Buckman has never had a professor like England who required her to search out a book in the maze-like stacks. Instead, she’s had professors recommend going to the library to find more sources, but never found it necessary and admitted she wouldn’t know where to begin. 

“I’ve been there to study, but I would have no idea how to even find a book,” she said. 

Throughout the development process, master-planners found there is enough space for 20 percent of the student population to study in campus libraries and hope that removing some of the books will allow greater space for studying.  

Buckman agreed that more study space would be helpful and emphasized the need for outlets so students can keep their laptops charged while they read online — England disagreed.

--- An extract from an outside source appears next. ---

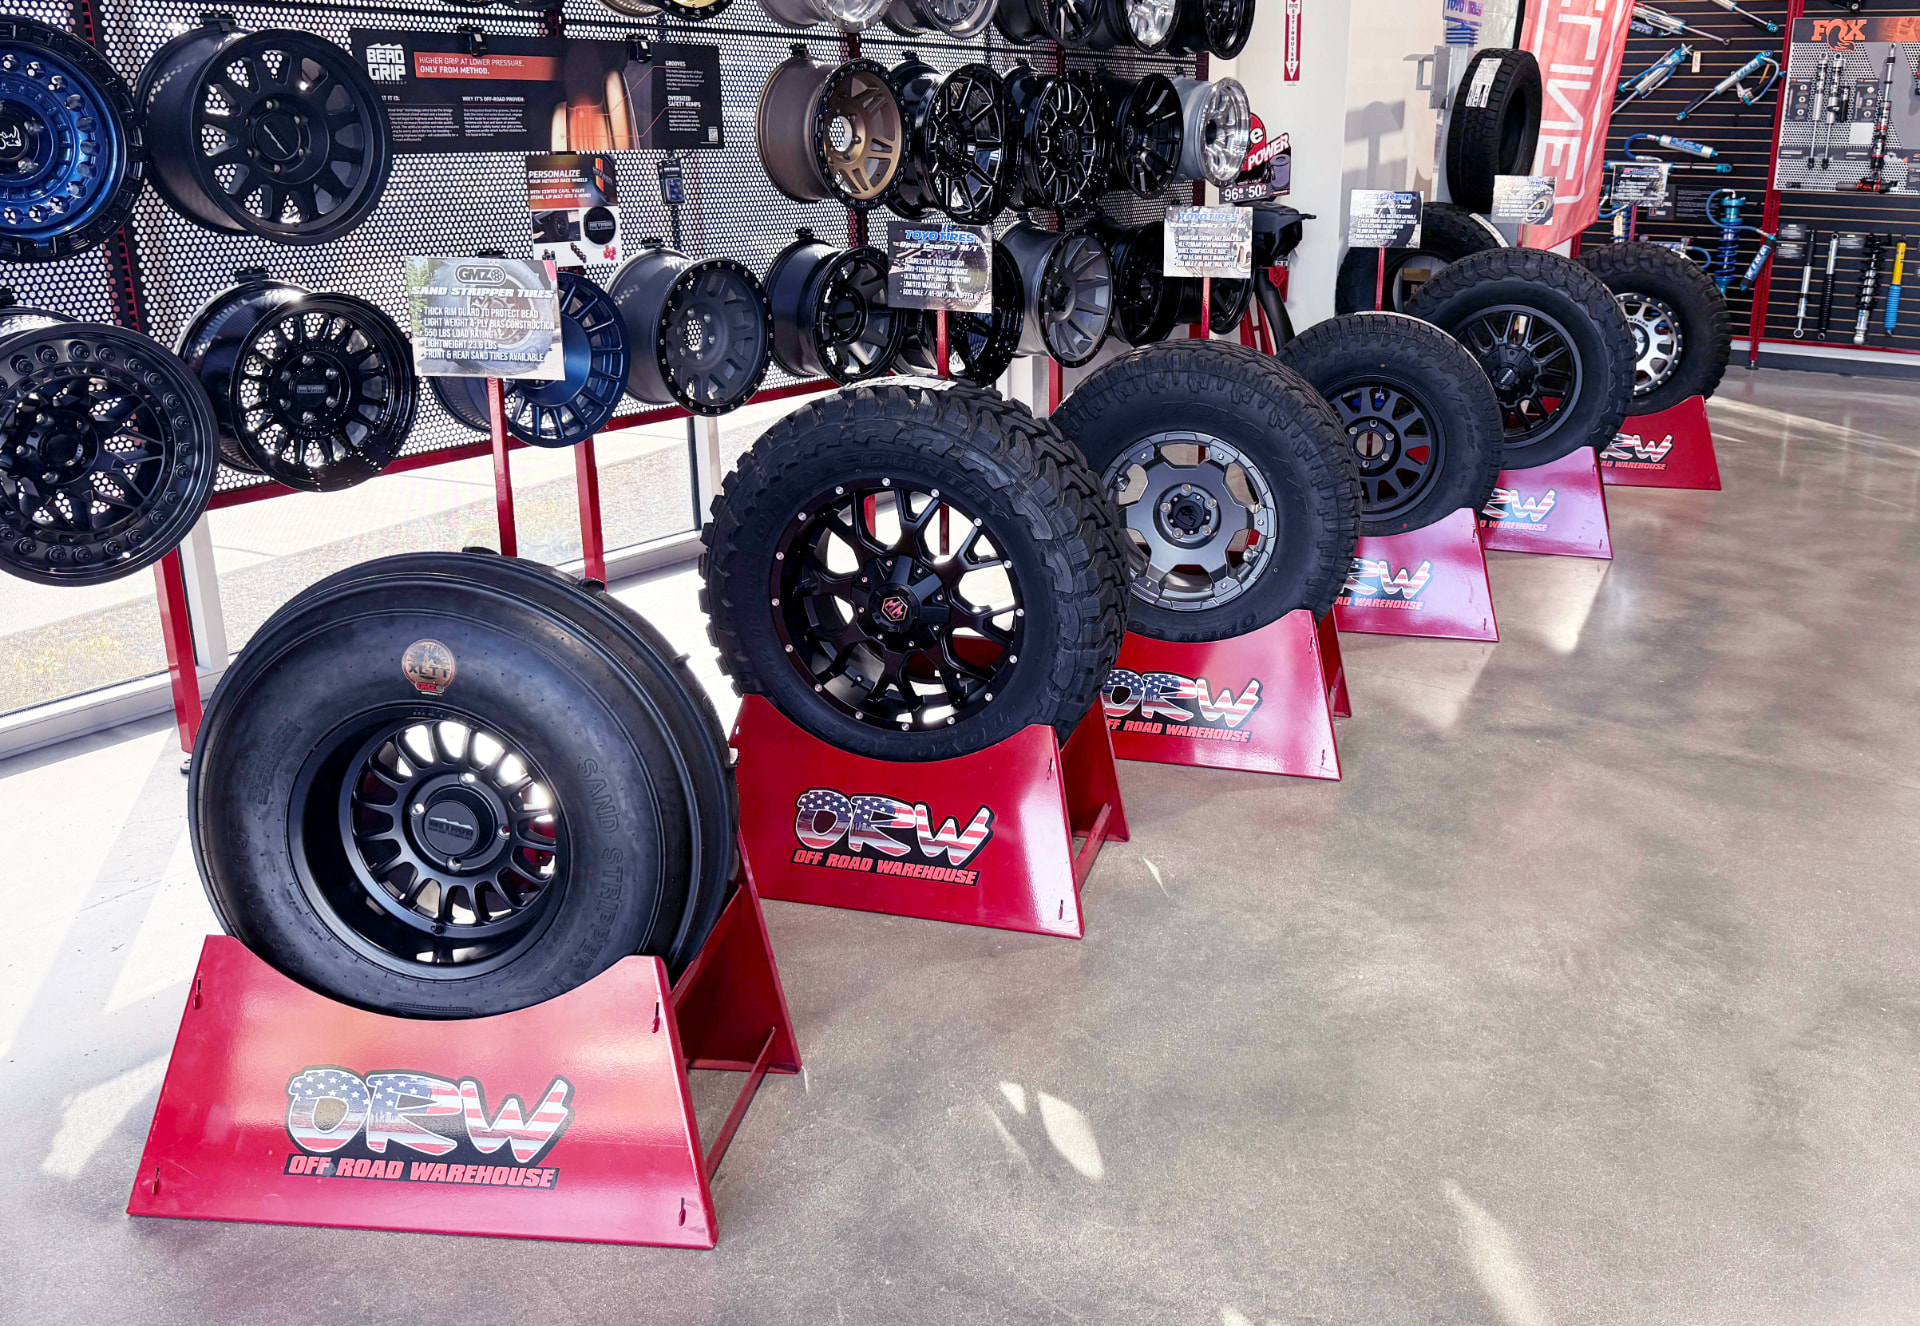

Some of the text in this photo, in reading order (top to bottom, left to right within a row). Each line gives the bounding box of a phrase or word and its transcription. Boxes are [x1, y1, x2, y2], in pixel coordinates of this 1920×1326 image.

“A library for me needs to contain books,” he said. “It needs to be a place that you can explore and be surprised by what you find on the shelf.” 

Moving online and sharing resources across the world

The master plan doesn’t intend to limit students’ ability to explore — although the stacks might be diminishing, students are capable of finding more rare and interesting volumes online if they take the time to mine the libraries’ digital collections.  

Jesse Henderson, a digital services librarian at Memorial Library and project manager of digital collections, said she and her team are currently digitizing a series of rare alchemy texts.

“[This collection] is a first edition, there’s only going to be one or two first editions of [it] in the entire world,” she said. 

Many of the books selected to be digitized are so physically degraded that they cannot be handled without falling apart. Moreso, having a digital copy of these rare books means that in worst-case scenarios of fire or water damage, the volume will not be lost.

“Digitization is not happening so that we can get rid of stuff,” Henderson said. 

Instead it is at the forefront of resource sharing and is a way to broaden the world. 

Henderson mentioned a professor who is originally from Spain and — though he now teaches in the U.S. — his research often requires him to return to Spain to access certain manuscripts.  Unfortunately, he doesn’t like to travel, she shared.

Moving resources online gives us the power to share ideas and texts with people and universities across thousands of miles.

“Not only can they come visit physically, but we’re working on getting books out there so they can come look at them online so they don’t have to travel halfway across the world — it’s good for the planet,” Henderson added with a laugh.